Futurespectives ideas for new year

Sprint retrospectives usually involve looking back over your last sprint. But futurespectives turn that process on its head.

Futurespectives are a bit like retrospectives except you look forward instead of backwards. The start of the year is the perfect time to look ahead with a futurespective and set some team goals for the year. But it’s not the only time to run a futurespective.

We’ve put together 7 futurespective, pre-mortem and retrospective ideas to help you reflect back and project forward in style:

Futurespective ideas:

What is a Futurespective?

Futurespectives are collaborative team meetings in which participants think ahead about potential challenges, goals, wishes, or anxieties they have or may run into. Futurespectives are a spin-off meeting type from retrospectives or lessons learned meetings, in which teams look back over their work to identify process improvements.

What are the benefits of Futurespectives?

Futurespectives are highly democratic meetings in which all team members come together to share their thoughts. Futurespectives can help teams:

  • Pre-empt potential issues in upcoming projects. This gives teams an opportunity to pro-actively prevent or mitigate issues that may crop up.
  • Share feelings openly with one another. Futurespectives encourage team members to share things they are anxious or excited about. By sharing hopes and fears, teams have a rare chance to align emotionally before a project begins.
  • Plan ahead together. A Futurespective is a great way to get teams thinking about what they want to have achieved in a few months or even a year’s time.
  • Debug working practices. Like a traditional retrospective, Futurespectives also help to reveal process improvements.
  • Connect as a team. Futurespectives encourage your team to visualize how they will work together effectively. Having an open conversation about this early on can create stronger team bonds.

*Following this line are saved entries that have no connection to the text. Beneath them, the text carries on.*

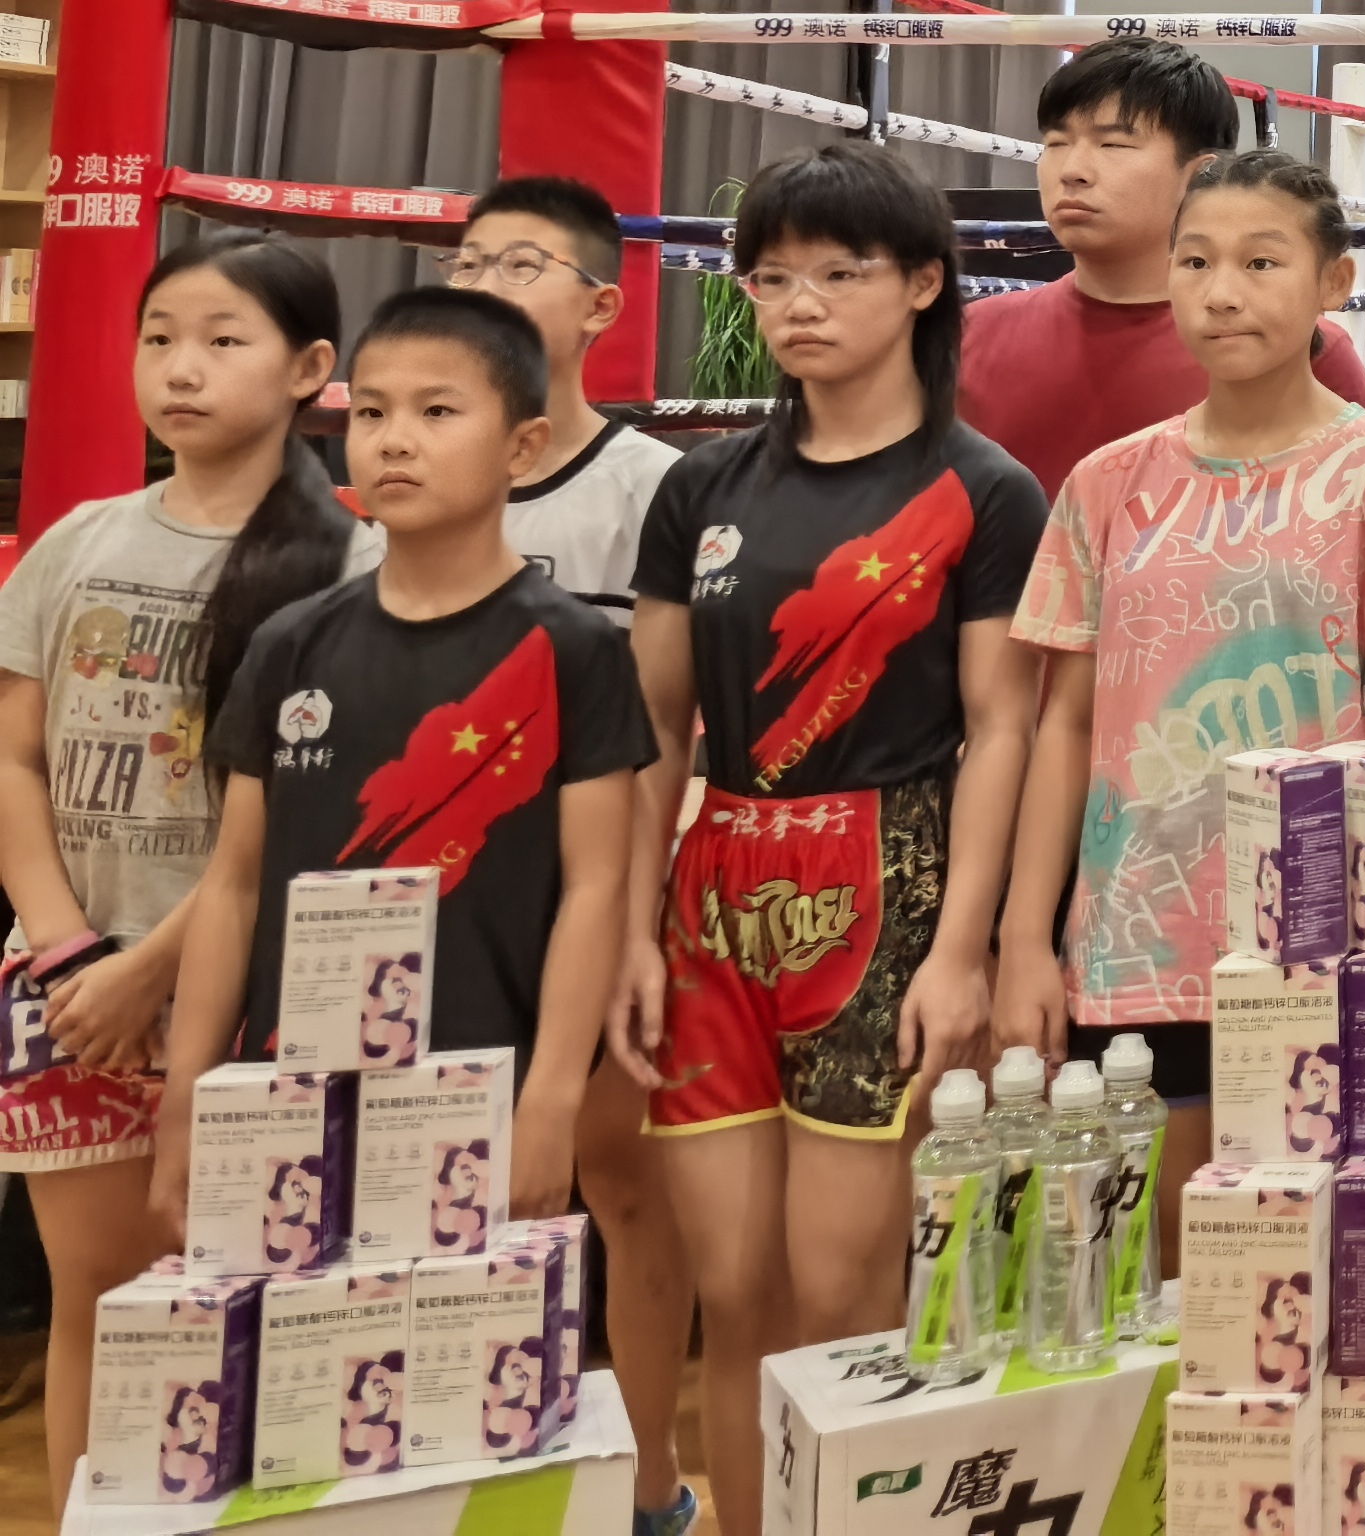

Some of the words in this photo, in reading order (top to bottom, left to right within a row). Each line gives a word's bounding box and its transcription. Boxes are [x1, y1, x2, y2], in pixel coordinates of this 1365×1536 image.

[755, 18, 793, 37] 999
[804, 18, 847, 38] 澳诺
[1107, 18, 1146, 38] 999
[1156, 18, 1200, 38] 澳诺
[1215, 17, 1297, 37] 钙锌口服液
[75, 154, 145, 185] 澳诺
[226, 182, 273, 205] 999

When to run a Futurespective

Try running a Futurespective anytime you need to look forward together as a team. For example:

  • The start of the year: As a natural starting point and time for self-improvement planning, the start of the year is the perfect time for a futurespective. We recommend trying a Futurespective template that includes a retrospective and futurespective element, like the Hot Air Balloon futurespective. Alternatively, run a New Years Retrospective at the end of one year, and a Futurespective at the beginning of the next.
  • According to planning cycles: When starting a planning cycle, you want to look ahead and debug potential problems, set a vision, and align on goals as a team. So try running a Futurespective to gather peoples’ hopes and fears, what they expect to learn from bets or experiments, or even how you will know if something was a success or not.
  • Anytime as an individual practice: Futurespectives aren’t just for teams. You can use them as a personal planning practice. They work particularly well for people who want to visualise themselves at the end of the year and work backwards to figure out how to get there.

Futurespective templates and agenda ideas

We’ve put together 7 Futurespective templates you can try for your next meeting. All of these templates focus on a different aspect or theme. So there’s something here for everyone.

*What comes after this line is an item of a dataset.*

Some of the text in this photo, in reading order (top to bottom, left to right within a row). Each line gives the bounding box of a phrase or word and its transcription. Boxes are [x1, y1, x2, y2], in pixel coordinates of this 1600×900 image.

🎈 Hot Air Balloon Futurespective

Imagine your team are taking a picturesque trip on a hot air balloon. As you float along, you get to survey the rolling fields and hills from a great height.

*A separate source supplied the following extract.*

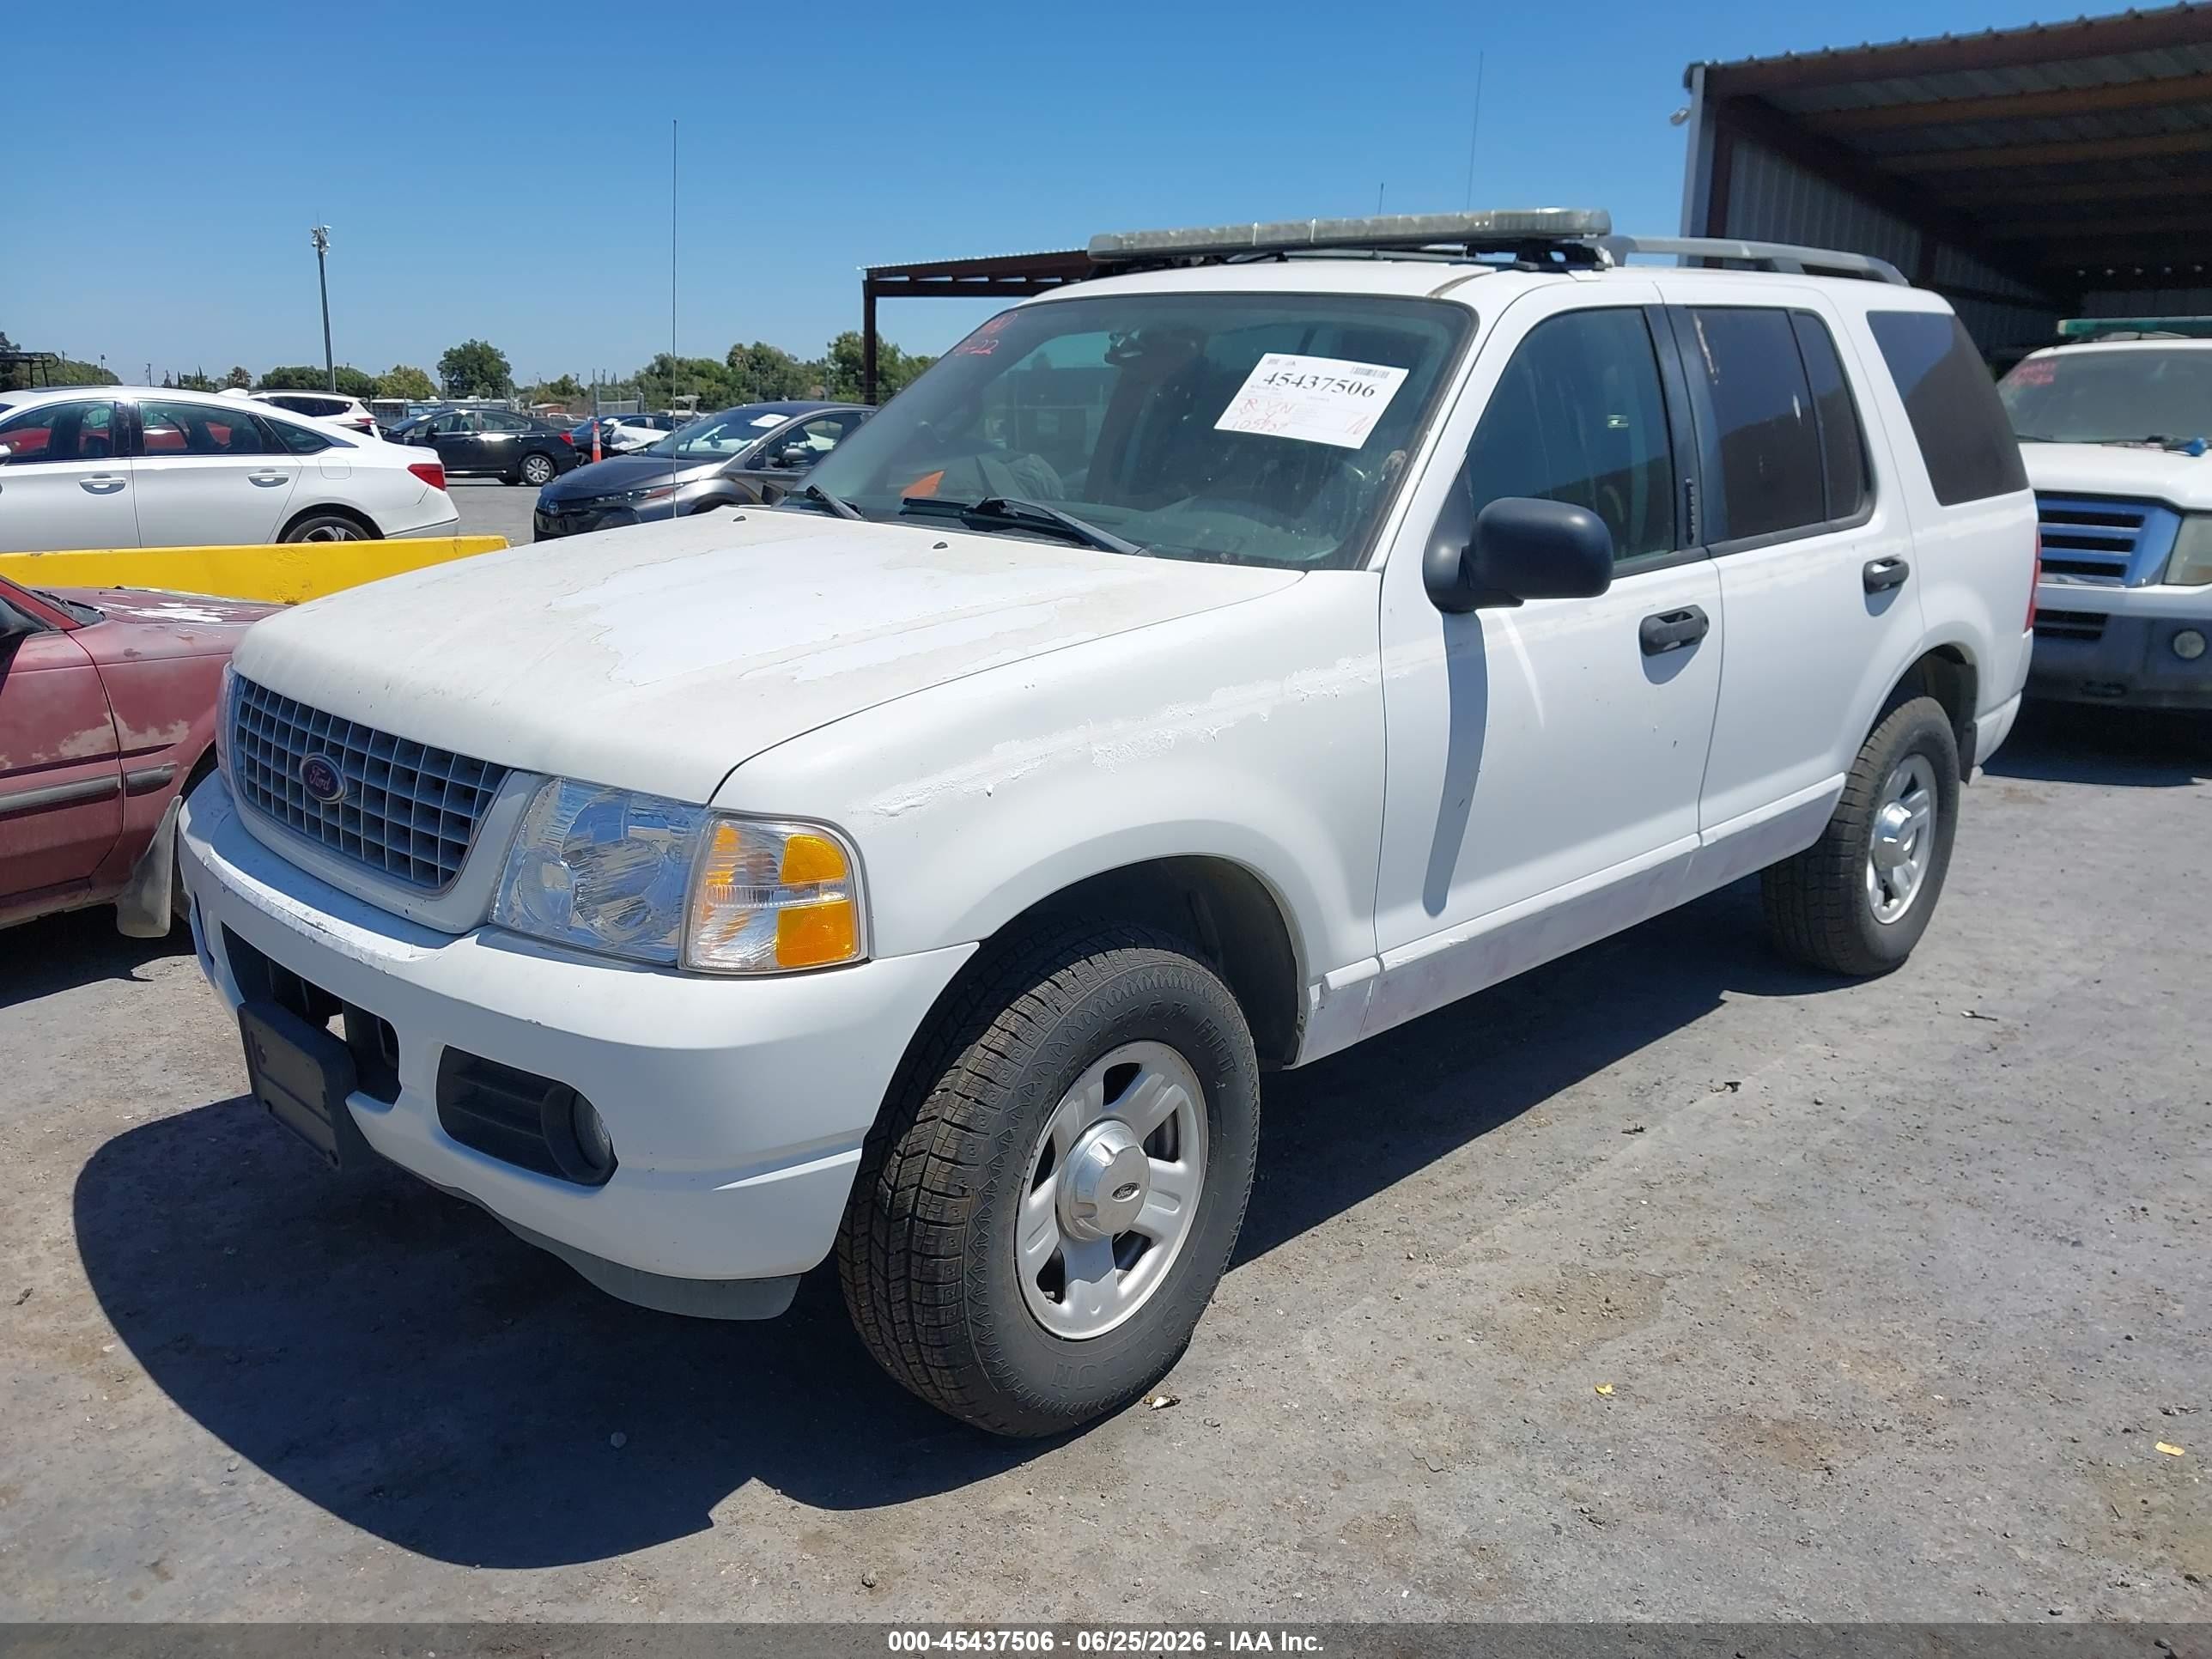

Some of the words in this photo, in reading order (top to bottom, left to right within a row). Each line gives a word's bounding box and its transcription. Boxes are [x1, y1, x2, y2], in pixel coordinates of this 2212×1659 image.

But as you take in the sights, you also need to steer away from menacing storm clouds and towards clear skies – with additional fire and hot air to take you higher, or sandbags to come back down to earth.

illustration of prompts for a hot air balloon retrospective

This futurespective idea offers teams a chance to think about their journey together and empowers them to take control of steering the ship away from hazards.

A creative and fun retro theme like this can help kickstart the year by bringing some energy to your team after the holidays. It’s a good choice for teams of visual learners who find it easier to think about their work with the aid of a metaphor.

Here’s how a hot air balloon futurespective works:

Looking Back (Hot Air & Sandbags)

The first step in this retrospective is to look back on the previous year or sprint. This part of the ascending and descending motion of a hot air balloon:

💨 Hot air

What practices or processes elevate our team and help us reach great new heights?

🪨 Sandbags

What practices or processes are dragging us down, making us slow, or demoralizing us?


Looking Ahead (Storm Clouds & Clear Skies)

The second set of prompts looks at the general weather the team could run into, so you can think about how to make sure your flight route is free of hazards.

🌩️ Storm clouds

What difficult or tricky things lie ahead for our team? What things could throw us off course or be dangerous?

☀️ Clear skies

How could we navigate around the storm clouds and avoid threats and difficult things? How could we push through storm clouds safely to reach clearer skies?

You can run this retrospective in an online retro tool with the category headings Hot Air, Sandbags, Storm Clouds, and Clear Skies.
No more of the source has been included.